Before You Convert to a Roth IRA…

A Roth IRA conversion completed in 2010 can benefit you by enabling you to pay federal income taxes on your IRA account balance at the time of conversion—or, if you prefer, over tax years 2011 and 2012. Then, you’ll enjoy federally tax-free withdrawals from your Roth IRA when you’re ready and qualify to receive money from your account1.

However, the decision to convert needs to be made with care and isn't for everyone. Be sure to consider, among other things, your personal tax situation, including expected future tax rate, the time you have until you'll need the money, and the opportunity costs of using "cash" to pay the tax liability. As with any tax-related issue, it's a good idea to check with your tax advisor before making any decisions.

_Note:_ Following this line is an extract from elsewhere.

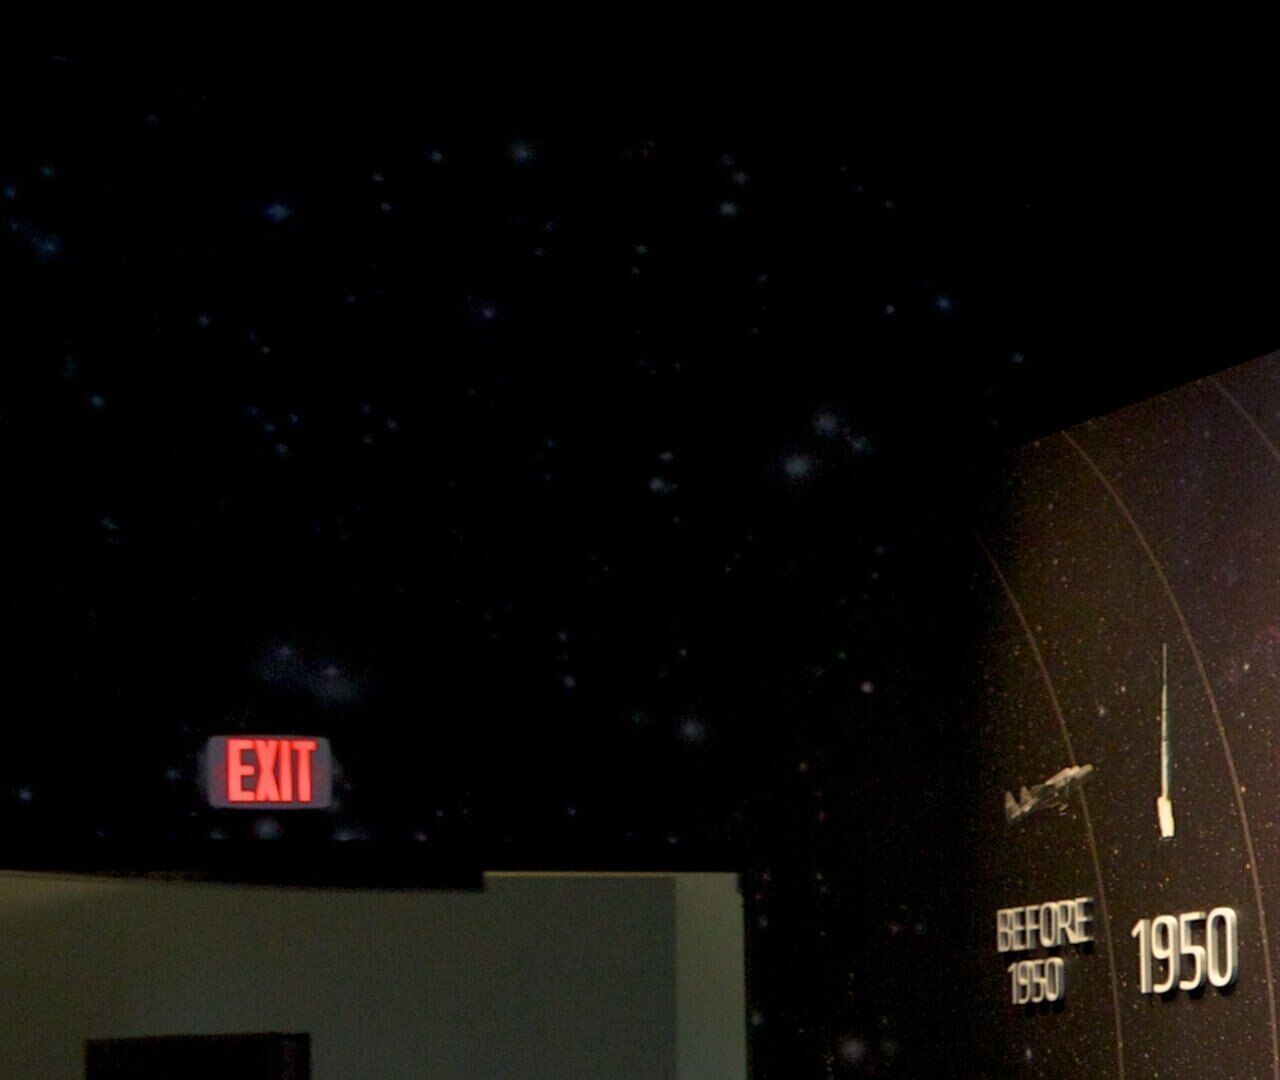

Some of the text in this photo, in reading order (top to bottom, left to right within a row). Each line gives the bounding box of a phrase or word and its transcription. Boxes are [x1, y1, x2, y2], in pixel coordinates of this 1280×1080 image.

[227, 739, 318, 803] EXIT
[996, 897, 1094, 954] BEFORE
[1131, 906, 1239, 995] 1950
[1007, 957, 1064, 1005] 1950

You may wish to check out our handy Roth IRA Conversion Calculator to help yourself determine if a Roth IRA conversion may be right for you.

Before you initiate a Roth IRA conversion, you may wish to consult a financial professional to ensure that you understand the IRS’s Roth IRA conversion guidelines. If you prefer, a Certified* Prudential Retirement® Counselor can assist you. Simply call 1-877-PRU-2100 toll free, Monday through Friday, from 8 a.m. to 6 p.m., ET.

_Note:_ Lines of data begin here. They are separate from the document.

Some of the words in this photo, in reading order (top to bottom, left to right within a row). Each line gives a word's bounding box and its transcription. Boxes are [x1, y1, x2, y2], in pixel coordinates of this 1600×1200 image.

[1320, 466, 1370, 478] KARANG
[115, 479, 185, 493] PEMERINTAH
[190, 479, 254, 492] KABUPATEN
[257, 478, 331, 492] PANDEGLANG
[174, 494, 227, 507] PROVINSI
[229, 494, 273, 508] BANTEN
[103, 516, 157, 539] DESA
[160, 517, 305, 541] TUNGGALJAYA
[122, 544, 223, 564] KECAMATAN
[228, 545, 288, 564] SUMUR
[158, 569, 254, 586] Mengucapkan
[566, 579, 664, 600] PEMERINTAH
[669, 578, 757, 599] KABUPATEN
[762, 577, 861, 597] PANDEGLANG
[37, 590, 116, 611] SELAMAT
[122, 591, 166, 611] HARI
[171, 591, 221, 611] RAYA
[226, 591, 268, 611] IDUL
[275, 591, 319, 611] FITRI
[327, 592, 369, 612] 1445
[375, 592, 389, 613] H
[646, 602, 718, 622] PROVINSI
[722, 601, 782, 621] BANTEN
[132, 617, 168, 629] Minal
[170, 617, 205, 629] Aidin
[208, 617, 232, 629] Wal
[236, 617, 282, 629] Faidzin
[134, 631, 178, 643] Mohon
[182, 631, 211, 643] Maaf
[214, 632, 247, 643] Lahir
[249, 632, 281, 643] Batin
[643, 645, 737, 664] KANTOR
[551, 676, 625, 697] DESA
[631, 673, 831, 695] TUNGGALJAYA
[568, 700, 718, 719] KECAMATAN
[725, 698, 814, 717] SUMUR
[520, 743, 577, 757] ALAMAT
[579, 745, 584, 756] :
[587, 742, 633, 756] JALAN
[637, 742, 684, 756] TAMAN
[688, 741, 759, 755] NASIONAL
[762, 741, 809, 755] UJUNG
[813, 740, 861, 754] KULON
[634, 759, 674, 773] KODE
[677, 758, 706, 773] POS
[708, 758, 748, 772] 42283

* Many of Prudential Retirement’s Personal Retirement Services Retirement Counselors carry the distinct designation of Certified Retirement Consultants, an advanced certification available through the International Foundation for Retirement Education (InFRE). Certification includes mastery of retirement plan design, investment strategy, retirement income management, and retirement readiness and counseling.

1 In order for distributions to be made from a Roth IRA free of penalties and federal income taxes, your Roth IRA must have been established at least five tax years before the withdrawal (period begins with the tax year for which your first contribution is made) and your distribution must be: a) made on or after the date you attain age 59½; b) made to your beneficiary or your estate after your death; c) attributable to your being disabled; or d) taken because you are a qualified first-time home-buyer (lifetime limit of $10,000). Separate holding periods apply to amounts converted to a Roth IRA.

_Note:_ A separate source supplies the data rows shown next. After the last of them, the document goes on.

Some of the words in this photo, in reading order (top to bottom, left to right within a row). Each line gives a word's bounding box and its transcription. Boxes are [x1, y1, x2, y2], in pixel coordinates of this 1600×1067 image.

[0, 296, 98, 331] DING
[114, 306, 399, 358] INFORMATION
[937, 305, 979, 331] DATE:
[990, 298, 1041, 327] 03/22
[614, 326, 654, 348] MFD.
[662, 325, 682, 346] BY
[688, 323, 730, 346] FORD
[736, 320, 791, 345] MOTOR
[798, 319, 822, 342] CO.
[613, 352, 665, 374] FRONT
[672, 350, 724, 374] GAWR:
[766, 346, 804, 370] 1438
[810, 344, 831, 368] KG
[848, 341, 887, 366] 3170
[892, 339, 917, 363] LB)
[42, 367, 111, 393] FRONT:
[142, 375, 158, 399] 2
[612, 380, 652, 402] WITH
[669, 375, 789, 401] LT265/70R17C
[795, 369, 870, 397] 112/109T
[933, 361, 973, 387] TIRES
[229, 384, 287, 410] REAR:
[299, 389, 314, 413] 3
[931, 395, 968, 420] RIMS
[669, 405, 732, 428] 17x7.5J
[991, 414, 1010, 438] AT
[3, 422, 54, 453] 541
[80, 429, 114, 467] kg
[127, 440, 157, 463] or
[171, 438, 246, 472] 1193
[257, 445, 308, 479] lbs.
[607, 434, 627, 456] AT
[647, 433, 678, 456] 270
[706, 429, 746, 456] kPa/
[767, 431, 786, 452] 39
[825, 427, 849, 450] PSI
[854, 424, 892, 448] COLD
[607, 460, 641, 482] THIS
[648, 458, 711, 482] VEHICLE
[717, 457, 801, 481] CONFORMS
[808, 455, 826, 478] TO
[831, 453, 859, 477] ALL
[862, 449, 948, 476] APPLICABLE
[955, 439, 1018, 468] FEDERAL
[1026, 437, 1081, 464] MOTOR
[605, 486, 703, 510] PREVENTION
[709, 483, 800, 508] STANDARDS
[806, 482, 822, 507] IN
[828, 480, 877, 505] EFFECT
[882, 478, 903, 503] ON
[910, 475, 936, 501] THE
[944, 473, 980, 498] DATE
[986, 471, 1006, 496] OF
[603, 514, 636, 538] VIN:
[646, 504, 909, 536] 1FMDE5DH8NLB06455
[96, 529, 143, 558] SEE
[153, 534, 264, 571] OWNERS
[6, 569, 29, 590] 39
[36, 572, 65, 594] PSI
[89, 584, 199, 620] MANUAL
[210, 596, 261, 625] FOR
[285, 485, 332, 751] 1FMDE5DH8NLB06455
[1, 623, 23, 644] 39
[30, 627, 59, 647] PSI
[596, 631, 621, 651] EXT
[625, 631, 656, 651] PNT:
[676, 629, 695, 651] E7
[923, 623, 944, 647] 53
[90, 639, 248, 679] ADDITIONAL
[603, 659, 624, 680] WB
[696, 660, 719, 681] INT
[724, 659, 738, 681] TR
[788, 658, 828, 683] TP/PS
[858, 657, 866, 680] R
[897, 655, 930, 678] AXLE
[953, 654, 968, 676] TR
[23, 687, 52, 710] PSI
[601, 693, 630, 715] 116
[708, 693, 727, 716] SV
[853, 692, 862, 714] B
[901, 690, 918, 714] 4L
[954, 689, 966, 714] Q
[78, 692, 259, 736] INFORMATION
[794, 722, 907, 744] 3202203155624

2 For tax year 2009, you may contribute to a Roth IRA if you have taxable income and your modified Adjusted Gross Income does not exceed: a) $176,000—if you are married, filing jointly or a qualifying widow or widower; b) $120,000—if you are filing as single, head of household, or are married, filing separately, and did not live with your spouse at any time during the year; or c) $10,000—if you are married, filing separately, and lived with your spouse at any time during the tax year. For 2010, the applicable Adjusted Gross Income limits are $177,000, $120,000 and $10,000, respectively. The amount that may be contributed to a Roth IRA begins to phase out beginning at $10,000 below these income limits.

3 The deadline for re-characterizing a 2010 Roth conversion is October 15, 2011. If a re-characterization is not done by that date, the taxpayer will be locked into any tax liability from the conversion, including reporting income ratably over 2011 and 2012, if applicable.

4 Any withdrawals you make of conversion dollars within five years of conversion or of your account’s investment earnings before reaching age 59½ may be subject to a 10% federal income tax penalty.